Detox diets rarely identify the specific toxins they claim they’re supposed to remove. Additionally, the mechanisms by which they work are also unclear. In fact, there is little to no evidence that detox diets remove any toxins from your body.

What’s more, your body is completely capable of detoxifying itself through the liver, feces, urine, and sweat. Your liver makes toxic substances harmless, then ensures that they’re excreted from your body. (5, 6, 7)

Despite this, there are a few chemicals that may not be as easily removed by these processes, including persistent organic pollutants (POPs), phthalates, bisphenol A (BPA), and heavy metals. (8, 9, 10, 11)

These chemicals tend to accumulate in fat tissue or blood and can take a very long time — even years — for your body to flush out. However, these compounds generally are removed from or limited in commercial products today. (12, 13, 14, 15)

Nonetheless, overall, there is little evidence that detox diets help eliminate any of these compounds.

Detox Diets and Weight Loss

Very few scientific studies have investigated how detox diets impact weight loss. And while some people may lose weight quickly while on a detox diet, this effect seems to be due to a loss of fluid and carb stores rather than fat.

Additionally, the weight is usually regained very quickly once the diet is stopped. (16)

If a detox diet involves severe calorie restriction, it is likely to cause weight loss and may even improve metabolic biomarkers. However, it’s unlikely to help you keep weight off long term.

Detox Diets and Stress

Several varieties of detox diets may have similar effects to those of intermittent fasting. In fact, short-term fasting may improve various disease markers in some people, including improved leptin and insulin sensitivity. (17, 18)

However, these effects do not apply to everyone. Studies in women show that both a 48-hour fast and a 3-week period of reduced calorie intake may chronically increase cortisol, your stress hormone. (19, 20)

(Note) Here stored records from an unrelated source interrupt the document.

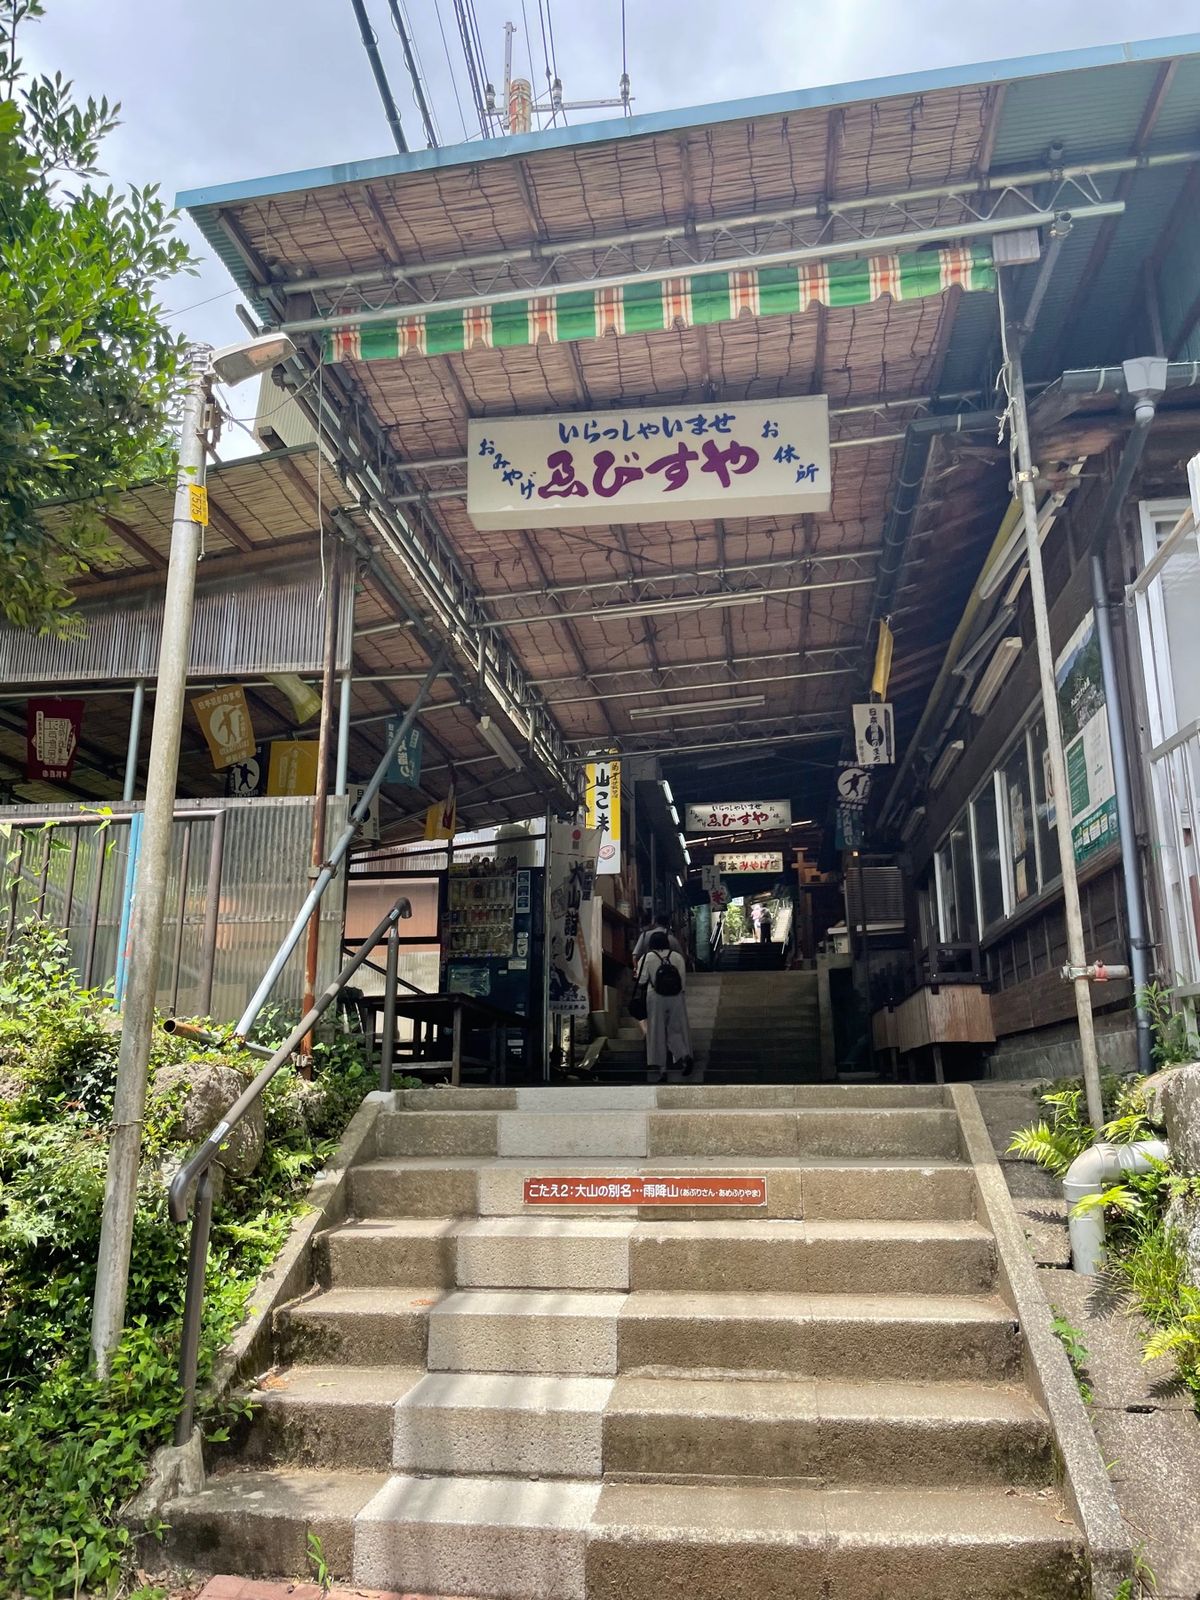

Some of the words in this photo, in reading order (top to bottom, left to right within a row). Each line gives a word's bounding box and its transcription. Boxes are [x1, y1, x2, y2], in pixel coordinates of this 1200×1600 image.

[558, 413, 736, 444] いらっしゃいませ
[478, 437, 536, 500] おみやげ
[537, 439, 760, 499] ゑびすや
[706, 812, 769, 827] ゑびすや
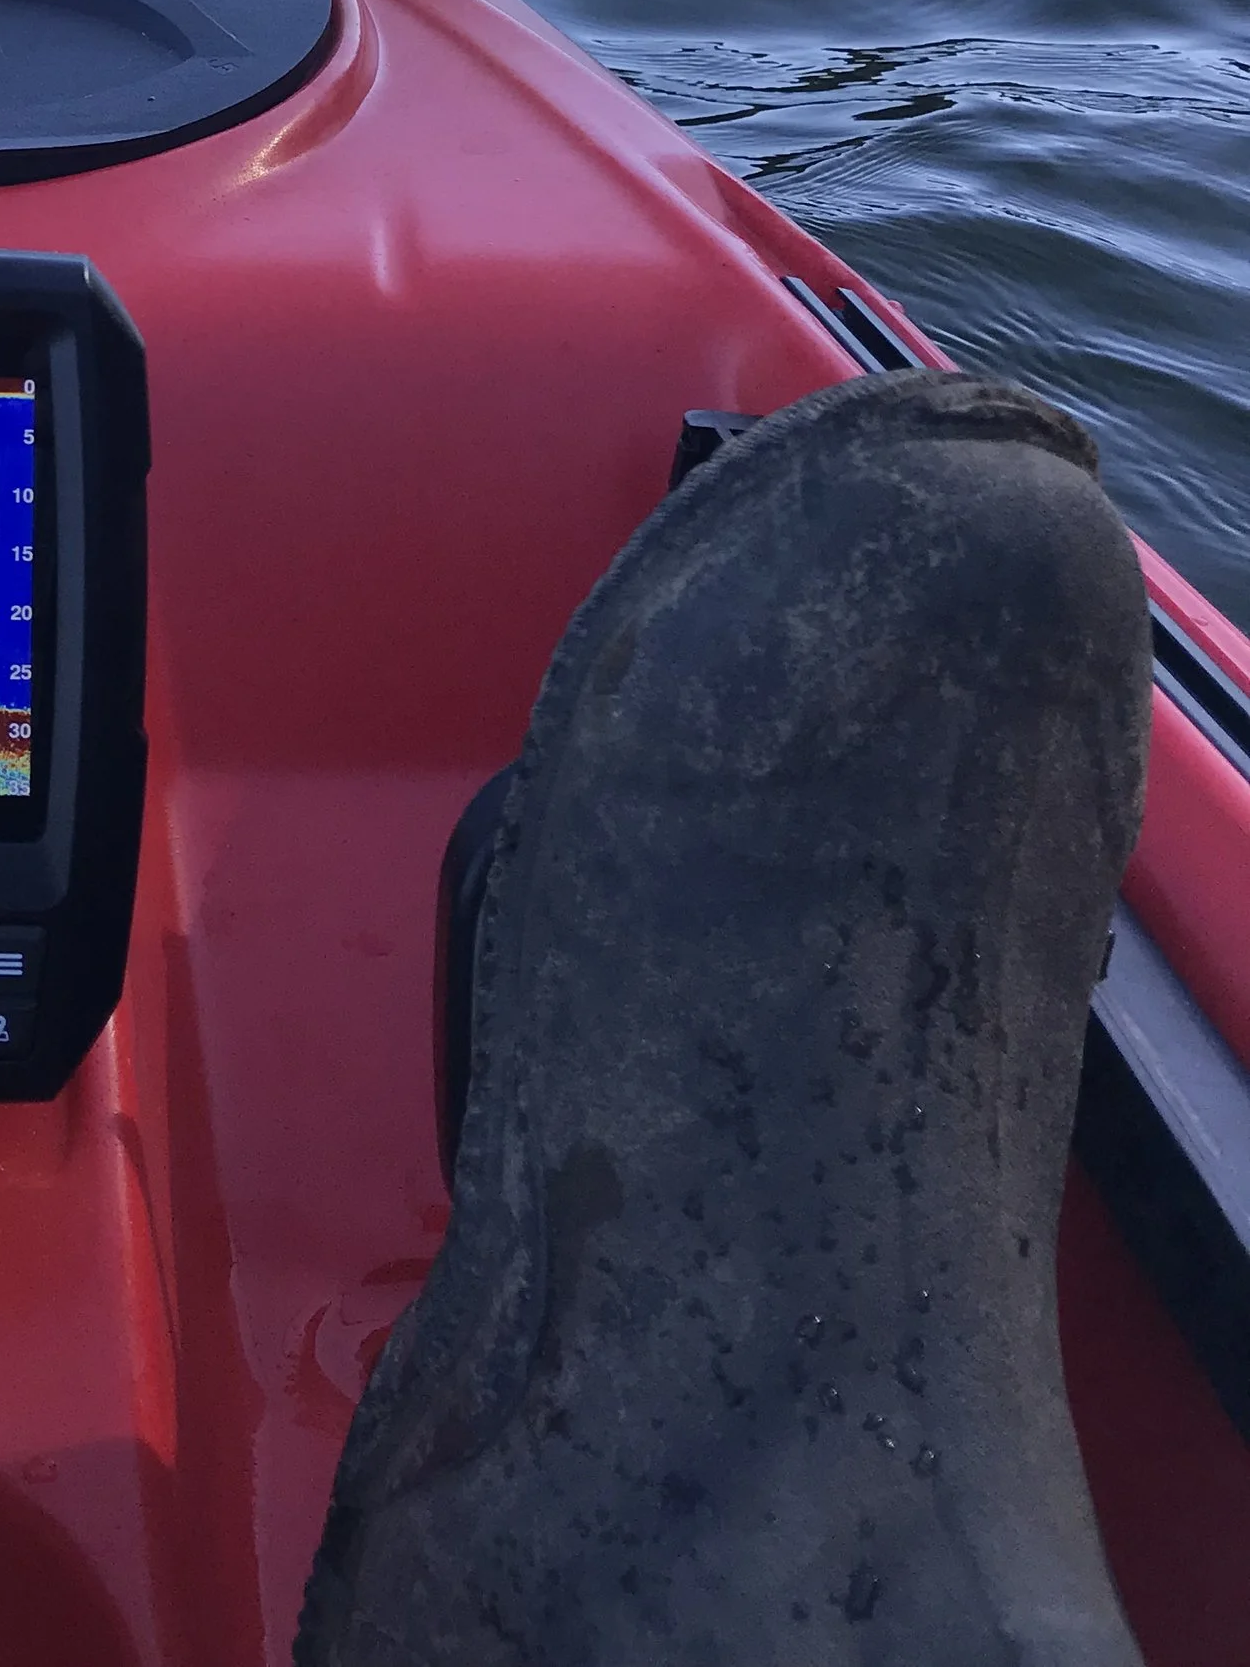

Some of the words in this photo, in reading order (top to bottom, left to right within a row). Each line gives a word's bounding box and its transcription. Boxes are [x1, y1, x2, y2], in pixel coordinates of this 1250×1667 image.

[23, 379, 35, 395] 0
[23, 429, 35, 444] 5
[12, 487, 34, 503] 10
[11, 546, 33, 562] 15
[10, 605, 33, 621] 20
[9, 664, 32, 680] 25
[8, 723, 31, 738] 30
[7, 781, 31, 795] 35
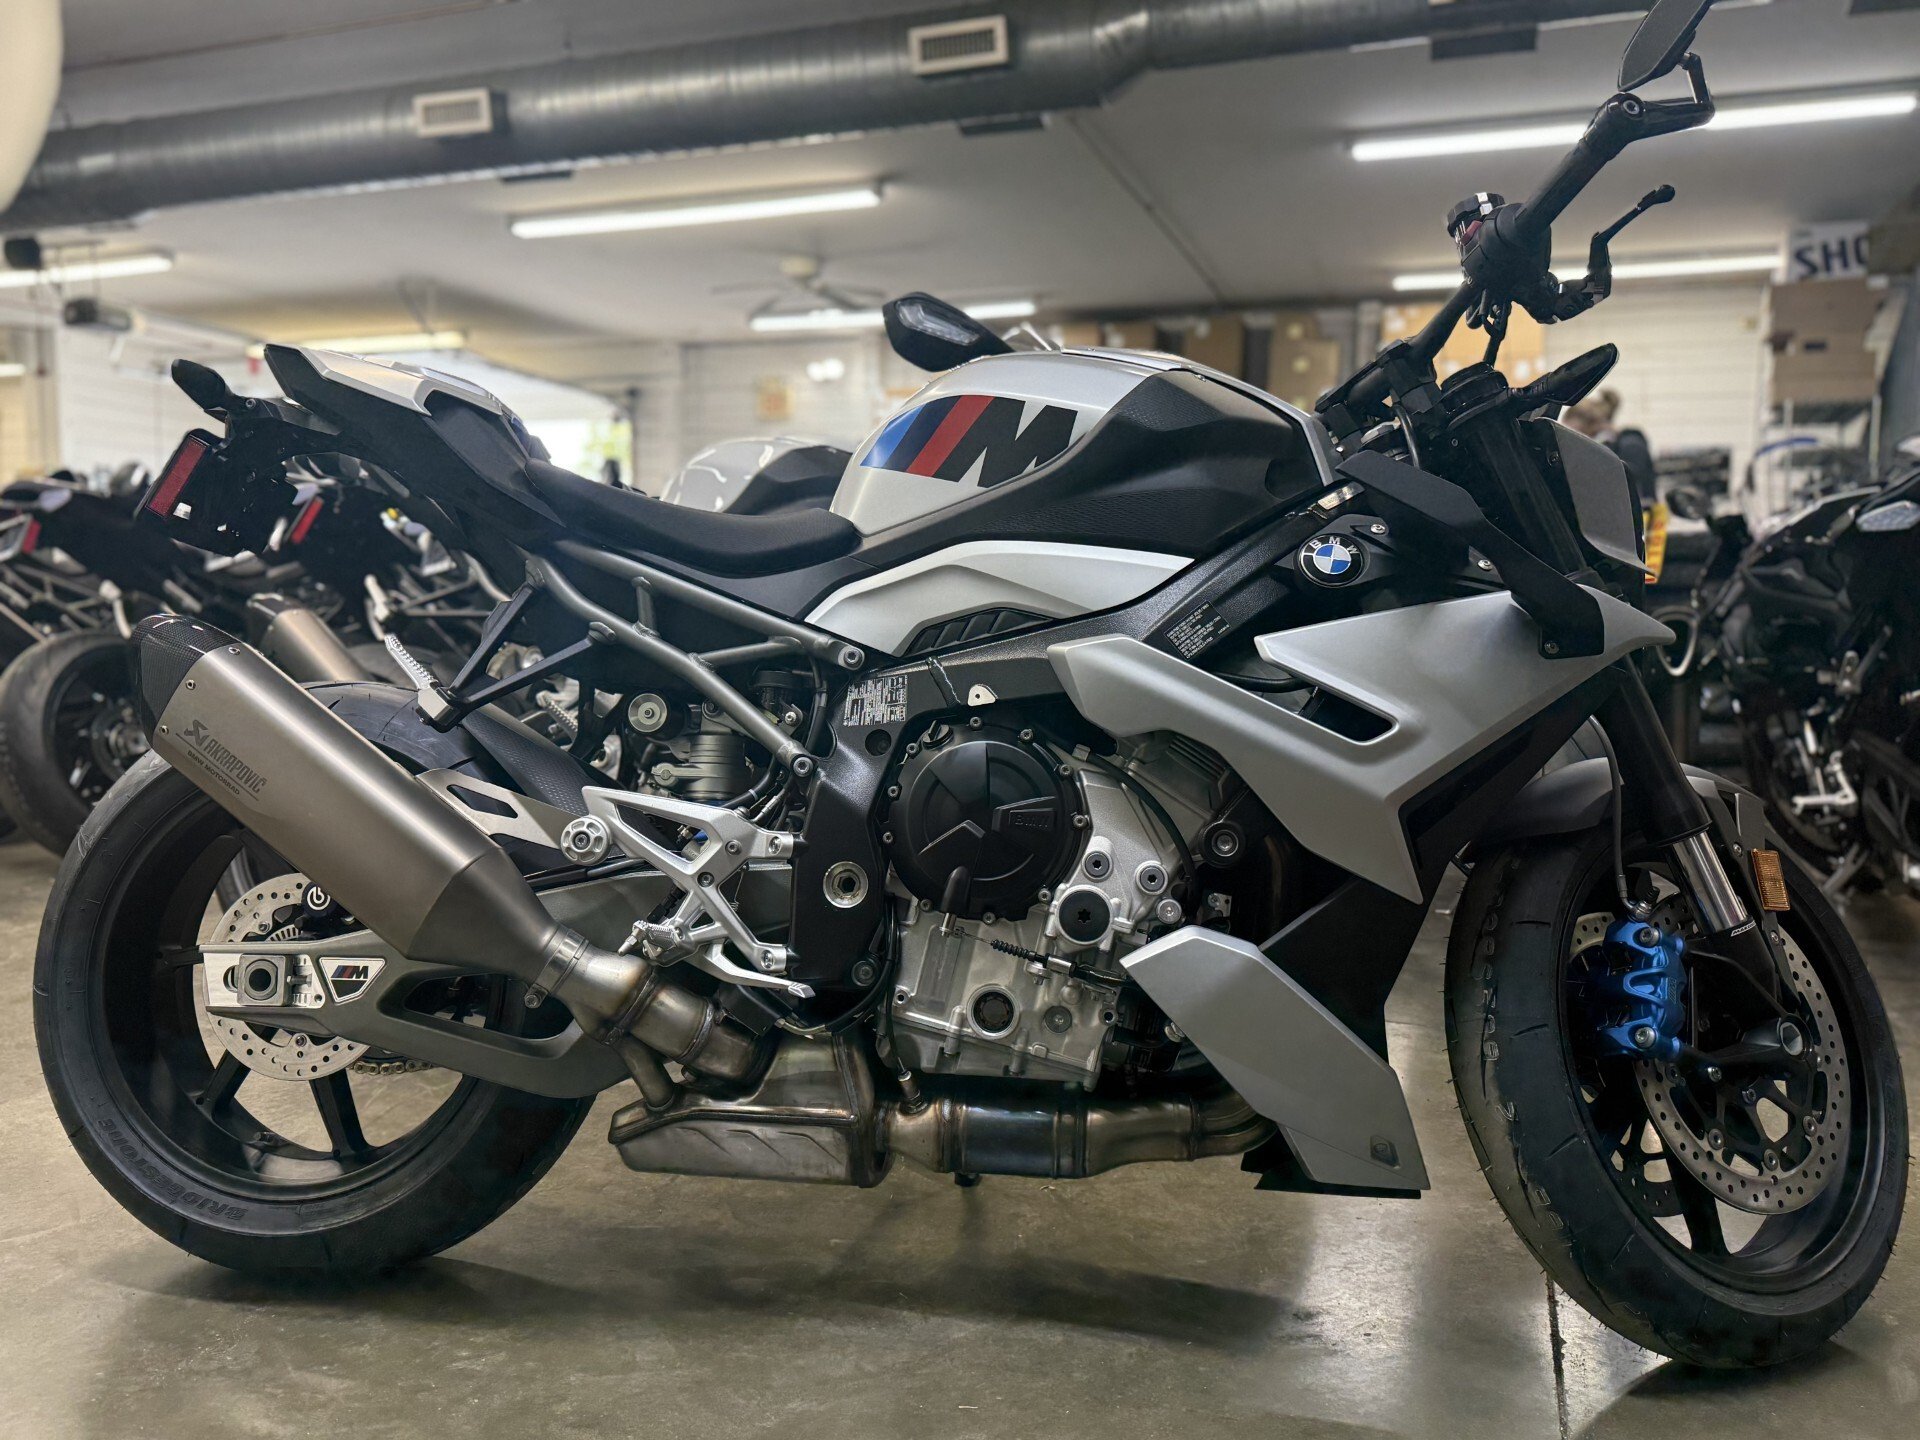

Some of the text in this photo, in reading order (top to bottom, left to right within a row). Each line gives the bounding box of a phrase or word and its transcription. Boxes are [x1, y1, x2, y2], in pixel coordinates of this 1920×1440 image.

[1309, 536, 1360, 554] BMW
[187, 749, 240, 795] BMW MOTORRAD

Additionally, crash or calorie restrictive diets can be a major stressful experience, as they involve resisting temptations or relying on willpower to carry you through bouts of extreme hunger. (21, 22)

Detox Diets and Potential Benefits

A few aspects of detox diets may have health benefits, such as: (23)

  • Avoiding dietary sources of heavy metals and POPs
  • Eating whole, nutritious, healthy foods
  • Avoiding processed foods
  • Drinking more water and green tea
  • Limiting stress and getting better sleep

Detox Diets and Side Effects

Before doing any sort of detox, it is important to consider possible side effects.

Detox Diets and Severe Calorie Restriction

Several detox diets recommend fasting or severe calorie restriction. Short-term fasting and limited calorie intake can result in fatigue, irritability, and bad breath.

Long-term fasting can result in energy, vitamin, and mineral deficiencies, as well as electrolyte imbalance and even death. (24)

Furthermore, colon cleansing methods, which are sometimes recommended during detoxes, can cause dehydration, cramping, bloating, nausea, and vomiting. (25)

Detox Diets and Overdosing

Some detox diets may pose the risk of overdosing on supplements, laxatives, diuretics, and even water.

There is a lack of regulation and monitoring in the detox industry, and many detox foods and supplements may not have any scientific basis.

In the worst cases, the ingredient labels of detox products may be inaccurate. This can increase your risk of overdosing, potentially resulting in serious — and even fatal — effects. (26)

Detox Diets and At-Risk Populations

Certain people should not start any detox or calorie-restricting regimens without consulting a doctor first.

At-risk populations include children, adolescents, older adults, those who are malnourished, pregnant or lactating women, and people who have blood sugar issues, such as diabetes or an eating disorder.

The Bottom Line

Your body is frequently exposed to toxic substances. However, most of the time, it can remove them without any additional help.

While detox diets may seem tempting, their benefits likely have nothing to do with vanquishing toxins, but rather with eliminating various unhealthy food choices.

A much smarter approach is to eat healthier and improve your lifestyle rather than going on a potentially dangerous diet modification.